Usually you play good girls, so it was delicious to see you play someone who wasn’t very nice in Songbird. Tammy was so complex, and I love seeing a more villainous side of you. It made me dream of you in a Dynasty musical.
(Laughs) Fabulous! When they offered me the show I read the script and kept going page after page going “I can’t say that, I can’t do that, no way am I doing that”, I thought she was terrible! I knew her because I’d studied The Seagull, so I knew about the narcissistic, very put upon, strong willed and shortsighted woman that Arkadina is. She’s always drawing attention to herself, so I knew Tammy would be a version of that. It wasn’t until I got to the second act and there’s a scene where she’s tending her son’s wounds after a suicide attempt and there was this beautiful ballad that Lauren Pritchard wrote and I thought she was redeemed there for a moment, we see a glimmer of who she once was.
I’ve played Countess Malcolm twice, and it’s my thought that anyone you can describe as “a villainess”, or someone who behaves so poorly, they probably started out as a really nice person, but they just got stomped on and told no too many times. I don’t think anyone’s born bad, I think there is a reason why Tammy does what she does. She might seem self-centered and ungenerous, but she’s doing the best she can to make the people around her feel the weight she carries so acutely. She feels responsible for everybody, so she deals by criticizing them. It was fun to work on her to find the reasons why she was who she was, which is why I became an actor in the first place. Tammy terrifies me, my parents came to see the show and were horrified with everything I said (laughs), my poor husband said “I don’t ever wanna see that woman come home”. After each performance I came home and hugged my husband and child.
Do you think we’ll see the show again soon?
We’re doing a workshop in March, we are going to go back into the rehearsal studio, working on some rewrites and Lauren Pritchard wanted to add two songs she’d cut. I always think that more Lauren Pritchard music is a good thing! I think almost everyone is coming back, except for one person, and I think our producers are looking for where we’re going next.
Can you pick three Sondheim characters you’d love to play, and three of his songs you love to perform?
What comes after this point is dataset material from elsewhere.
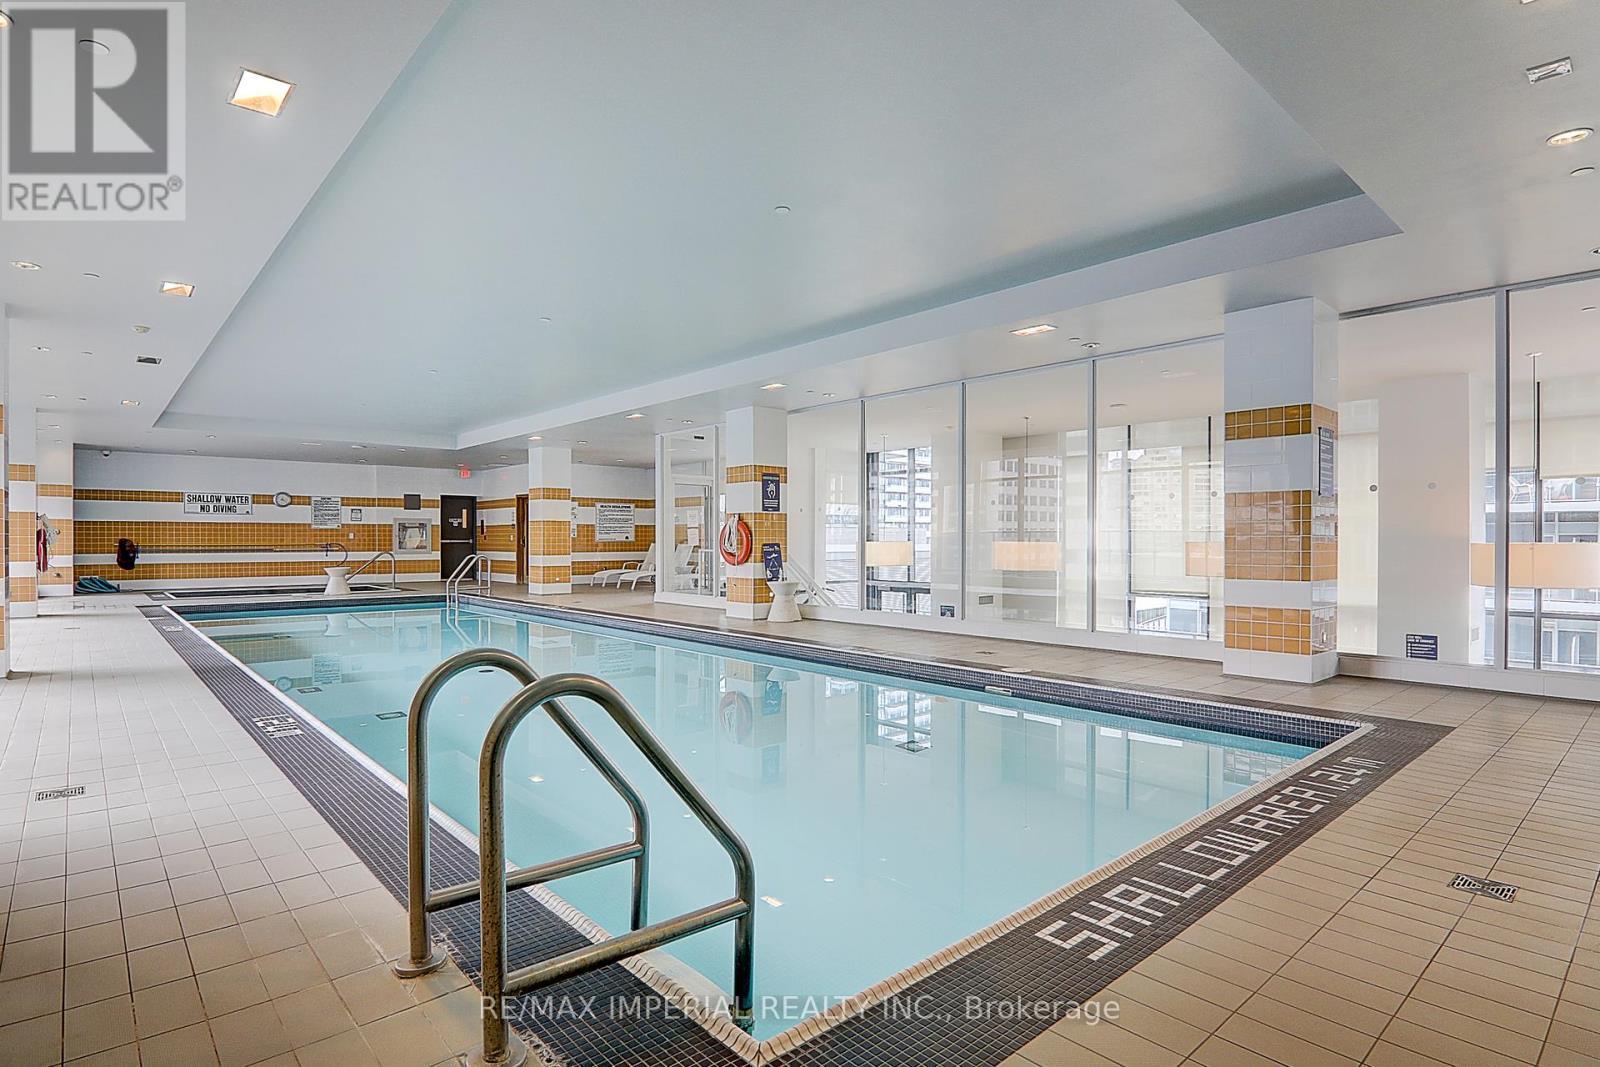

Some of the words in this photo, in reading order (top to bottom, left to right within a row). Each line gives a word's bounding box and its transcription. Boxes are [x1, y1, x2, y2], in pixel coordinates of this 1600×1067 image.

The Countess in A Little Night Music is one of the best roles written in theatre, she gets all the best lines and a pretty killer song too, “Every Day a Little Death” is such a study. I’d like to play The Witch in Into the Woods because we that show in high school and I played Cinderella, and now I’m feeling like The Witch is more my speed, she looks like fun and her songs are incredible, I love “Stay With Me”, “The Last Midnight” and her transformation. Also, Phyllis in Follies, we did a Sondheim concert at the 92nd Street Y in 2015 and David Loud who was in the original Merrily We Roll Along, music directed, arranged and told wonderful stories about his relationship with Stephen. I got to do “Could I Leave You” and thought “ooh, this is a role I’d like to play in ten years”, Heidi Blickenstaff sang “Losing My Mind”, so we had Sally and Phyllis, now we need some men (laughs). I wanna play Dot too, I love Sunday in the Park with George and what it says about creating art, and having a loving relationship with somebody who is an artist and how those things sometimes work and sometimes don’t.
The songs I love to sing, gosh. Over the summer I sang with the Boston Symphony and my favorite songs to do were the title song from Sunday, which was a thrill to sing, I also did “In Buddy’s Eyes”, and in my show I do a version of “You Could Drive a Person Crazy”, which David Loud arranged, it’s a solo version, not a trio, it’s a crazy person talking to a crazy person and I love it (laughs).